With increasing solar activity, the Sun emits stronger particles as well as radiation toward Earth through solar events such as Coronal Mass Ejections (CMEs) and solar flares. Solar activity is also recognizable from the Sun’s appearance as well as a terrestrial phenomenon known as Aurora. Solar radiation ionizes the upper atmospheric layer of the Earth between 80 to 600 km. Because of the dominant presence of ions and electrons, this layer is widely known as the ionosphere. The ionosphere overlaps the upper atmosphere to the region where space begins. In its top atmospheric layer, the gases are cooked by solar radiation until they emit a few electrons. This process creates a sea of ions and electrons within the ionosphere, allowing the process of ionization and recombination to keep running seamlessly. The ionosphere is a highly variable medium. The ionospheric irregularities that are a direct threat for the trans-ionospheric radio communication spatially varies from a few centimetres to 1,000 kilometres on special scale. 

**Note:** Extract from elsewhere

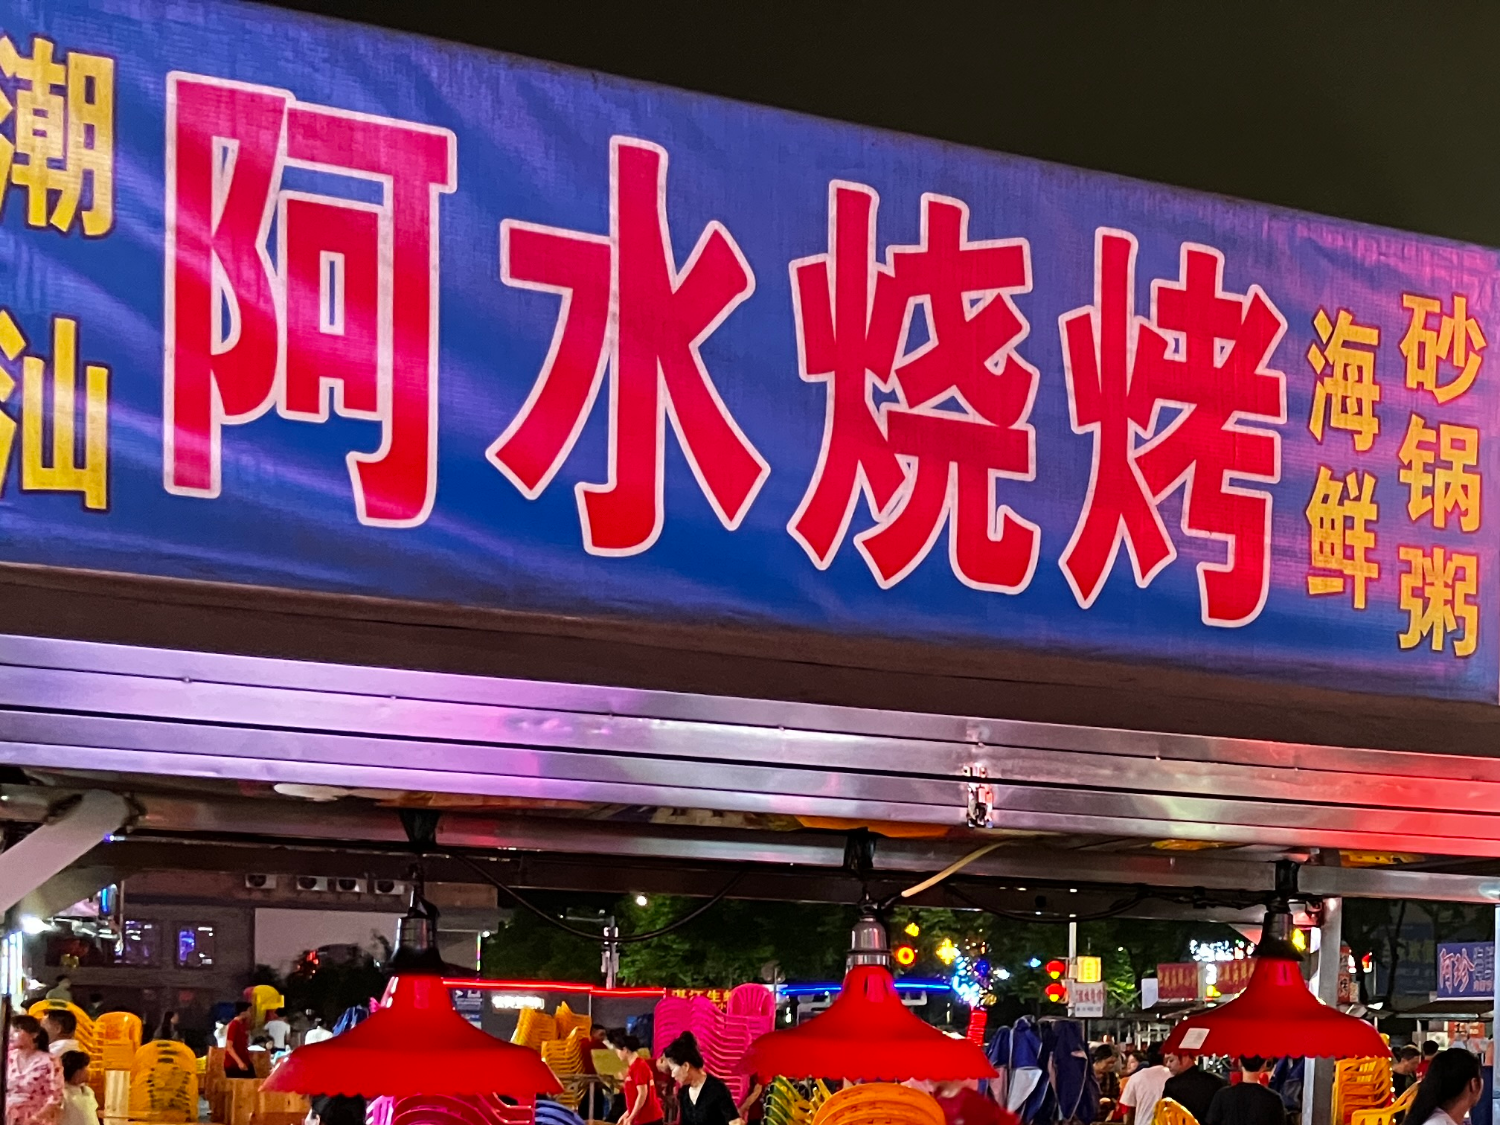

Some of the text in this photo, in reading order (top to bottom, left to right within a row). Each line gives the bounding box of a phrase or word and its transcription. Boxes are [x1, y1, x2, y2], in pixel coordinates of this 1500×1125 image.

[0, 36, 116, 512] 潮汕
[163, 70, 1289, 628] 阿水烧烤
[1306, 308, 1382, 612] 海鲜
[1398, 292, 1486, 658] 砂锅粥

Global infrastructure relies highly on a constellation of satellites (GNSS) that provides radio signals from space that transmit positioning and timing data to GNSS receivers [2-7]. These data are used for services like navigation, ranging, agriculture, tourism and transport. GNSS has global coverage, which is achieved using Europe’s Galileo, the U.S.’s Global Positioning System (GPS), Russia’s Global’naya Navigatsionnaya Sputnikovaya Sistema (GLONASS) and China’s BeiDou Navigation Satellite System. 

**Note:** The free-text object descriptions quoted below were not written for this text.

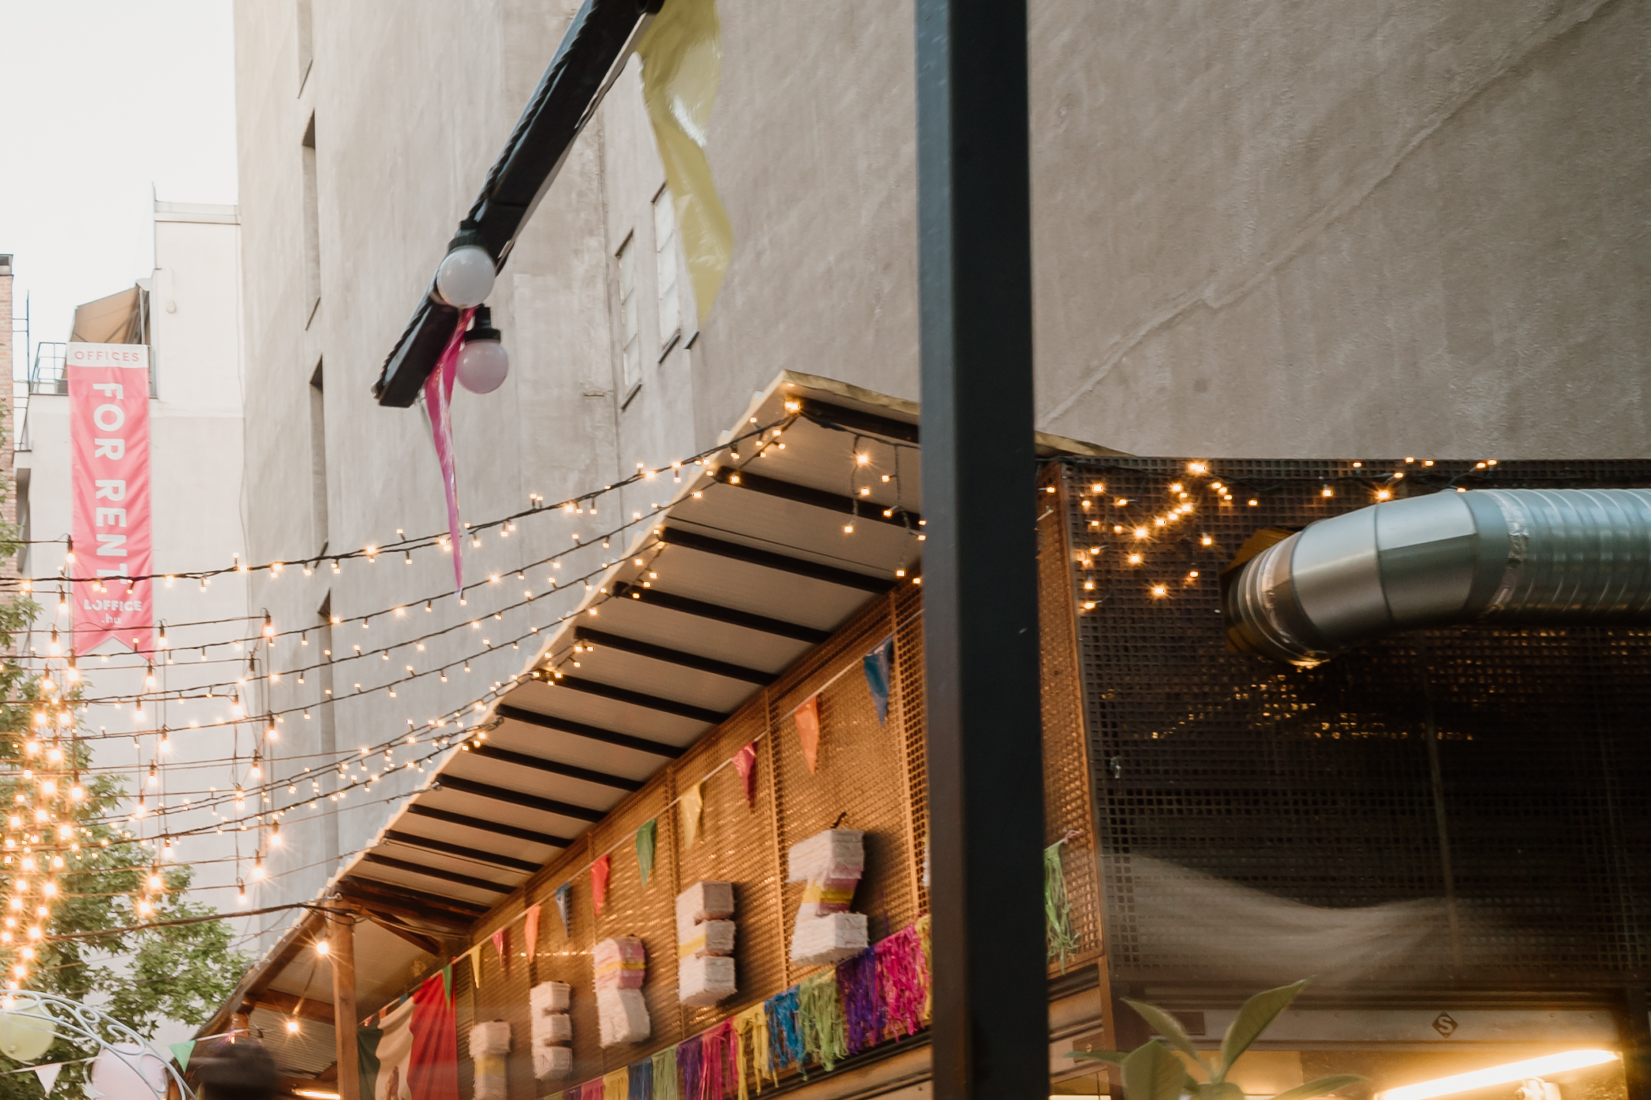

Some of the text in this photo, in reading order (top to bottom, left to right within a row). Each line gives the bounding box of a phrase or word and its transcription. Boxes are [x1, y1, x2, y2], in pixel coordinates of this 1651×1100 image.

[74, 351, 139, 362] OFFICES
[92, 383, 128, 586] FOR RENT
[83, 599, 142, 612] LOFFICE
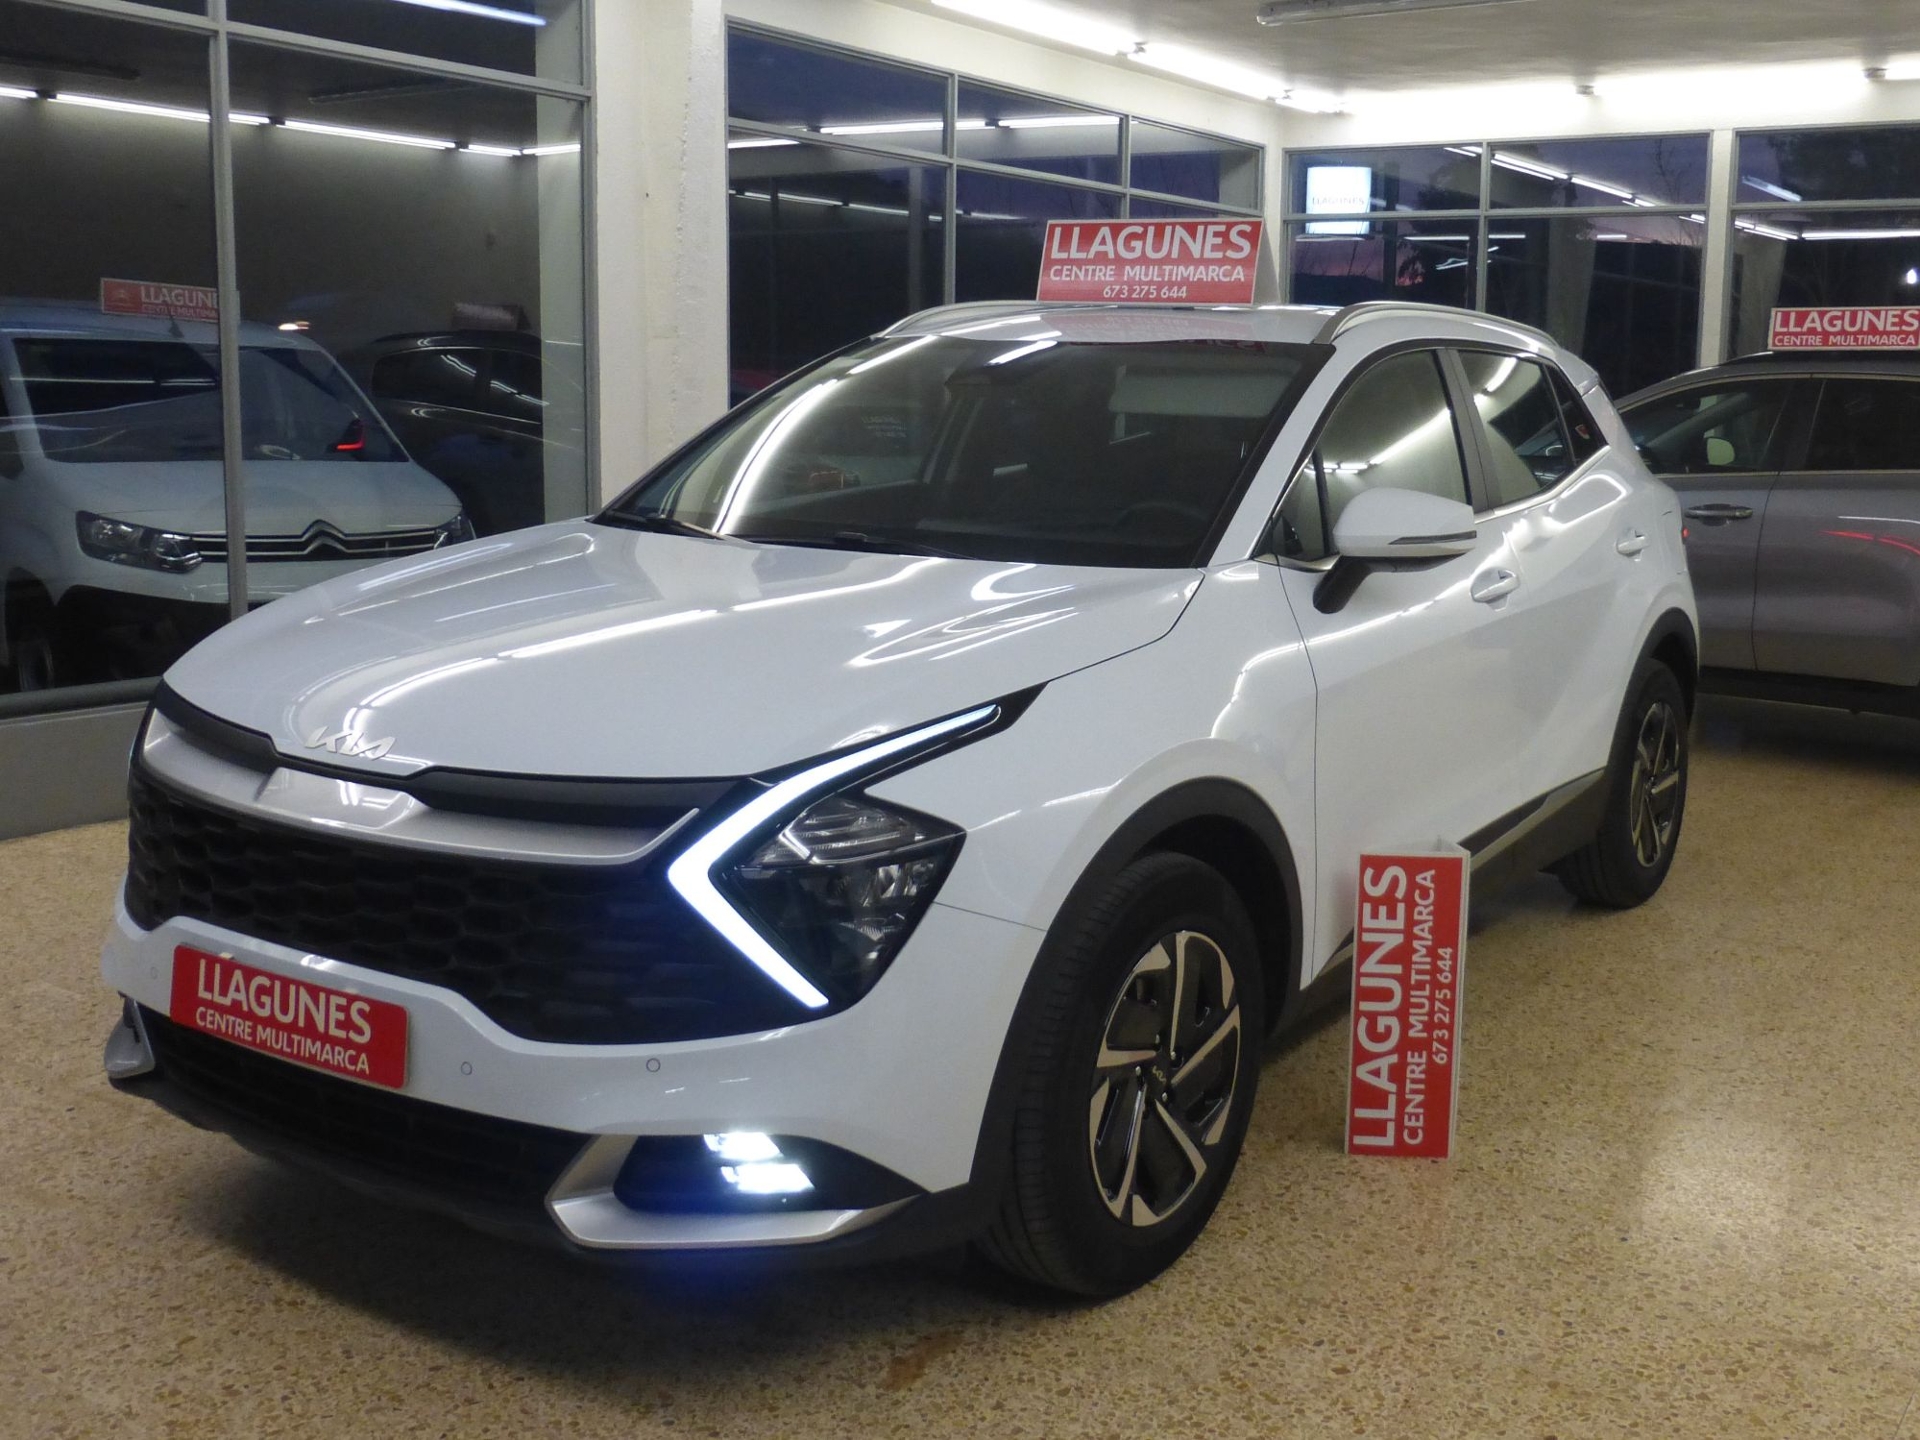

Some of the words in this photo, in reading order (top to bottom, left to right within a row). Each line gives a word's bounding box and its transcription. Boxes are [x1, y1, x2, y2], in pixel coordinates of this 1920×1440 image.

[1050, 224, 1253, 260] LLAGUNES
[1050, 265, 1115, 282] CENTRE
[1123, 265, 1245, 282] MULTIMARCA
[1103, 285, 1128, 299] 673
[1131, 285, 1157, 298] 275
[1160, 285, 1188, 299] 644
[1774, 309, 1920, 333] LLAGUNES
[1774, 335, 1823, 346] CENTRE
[1828, 334, 1916, 346] MULTIMARCA
[304, 725, 397, 761] KIA
[1408, 869, 1436, 1039] MULTIMARCA
[1437, 946, 1454, 982] 644
[197, 958, 372, 1045] LLAGUNES
[1353, 865, 1408, 1147] LLAGUNES
[1434, 988, 1451, 1024] 275
[195, 1006, 253, 1040] CENTRE
[256, 1026, 370, 1075] MULTIMARCA
[1432, 1029, 1449, 1065] 673
[1403, 1050, 1428, 1146] CENTRE

The ionosphere is highly turbulent on a temporal scale where significant changes are observed from fractions of seconds, hours, days, seasons, years and solar cycles. It’s challenging to model a turbulent medium like the ionosphere. There are well established state-of-the-art ionospheric models, but when compared with real data, they significantly deviate from the actual ionospheric condition checked using GNSS observations. Today, several daily life services such as transport, weather, banking transition, tourism and navigation are highly reliant on the Total Electron Content (TEC) fluctuations derived along the navigation path of the GNSS signals. [8-12]. Improving GNSS positioning is challenging, and neural networks are one-of-a-kind robust tools that are useful for that purpose [13]. One of the methods in trend for characterization of the ionosphere and navigation is GNSS high frequency signal analysis [14]. TEC is a descriptive measure of the electron quantity between GNSS satellite and receiver, which is estimated using the time delay between two GNSS signal frequencies. Users cover a wide range of the ionosphere using a signal dual frequency receiver [15-16]. TEC is often represented in the multiples of TEC unit, where 1 TECU = 1016 el/m2, which is about 1.66 X 10-8 mol.m-2. 

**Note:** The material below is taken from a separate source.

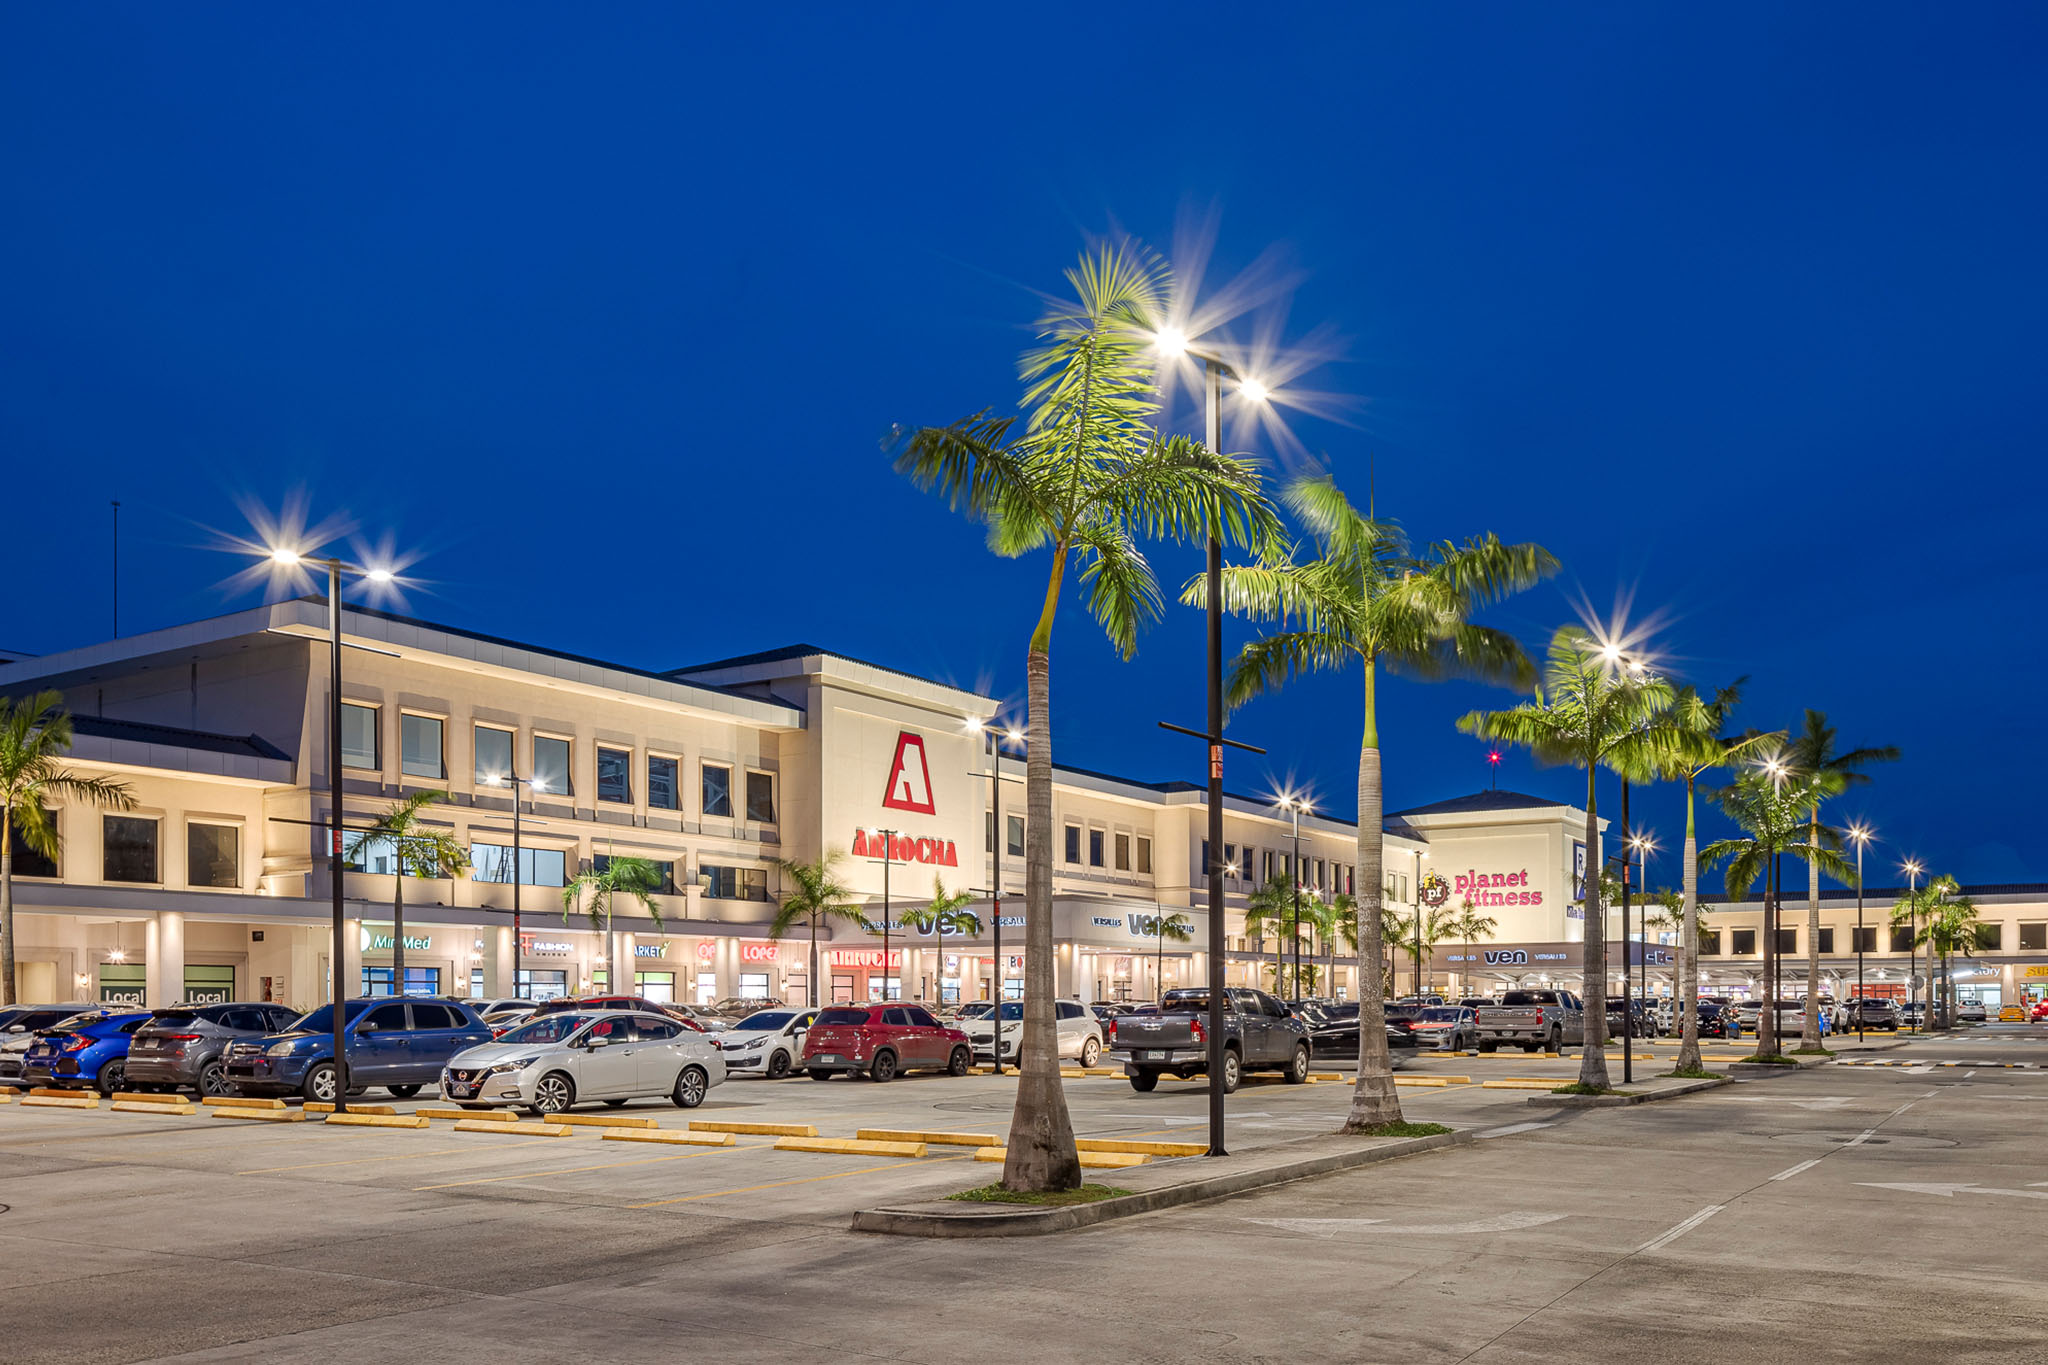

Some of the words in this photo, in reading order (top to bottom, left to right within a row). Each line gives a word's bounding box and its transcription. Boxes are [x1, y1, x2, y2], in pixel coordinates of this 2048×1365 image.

A few widely used and accepted empirical models such as Klobuchar [17], NeQuick-G [18] and International Reference Ionosphere (IRI) can produce the global morphology of the ionosphere during the geomagnetic quiet and disturbed days. Further, International GNSS Service (IGS) facilitates Global Ionospheric Maps (GIM) that records VTEC values of a spatial resolution of 2.5°×5°, and a 2-hour’s temporal resolution. These models and tools are good at reproducing the ionospheric geographic region as well as solar/geomagnetic activity dependent characterization, but still vary in error equivalent to 2-8 TECu for the same geographic locations during alike geomagnetic and solar activity condition. Geometrical effects are dominant at the lower latitude between satellite and receivers and add-on error to the ionospheric TEC estimation [19-20]. Physics based ionospheric models are often compromised in performance during low solar and geomagnetic activity [21-23]. These limitations and drawback of the ionospheric model and tools motivate the implementation of multi-layer machine learning (ML)-based models to improve the TEC forecasting accuracy and mitigate the degradation of the position accuracy induced by the ionosphere. Neural Network (NN) based TEC prediction models such as Han et al. [24], Ren et al. [25], Sivakrishna et al. [26], Shi et al. [27], Chen et al. [28], etc. are compromised as their predictive error increases with time and the global NN based TEC models fail to maintain regional accuracy in their forecast [29-30]. Another key aspect behind combining Multi-Layer Perceptron (MLP) + RNN, a hybrid approach, is the influence of other factors, such as space weather and geomagnetic indices, on the variations in the nonstationary patterns of ionospheric TEC.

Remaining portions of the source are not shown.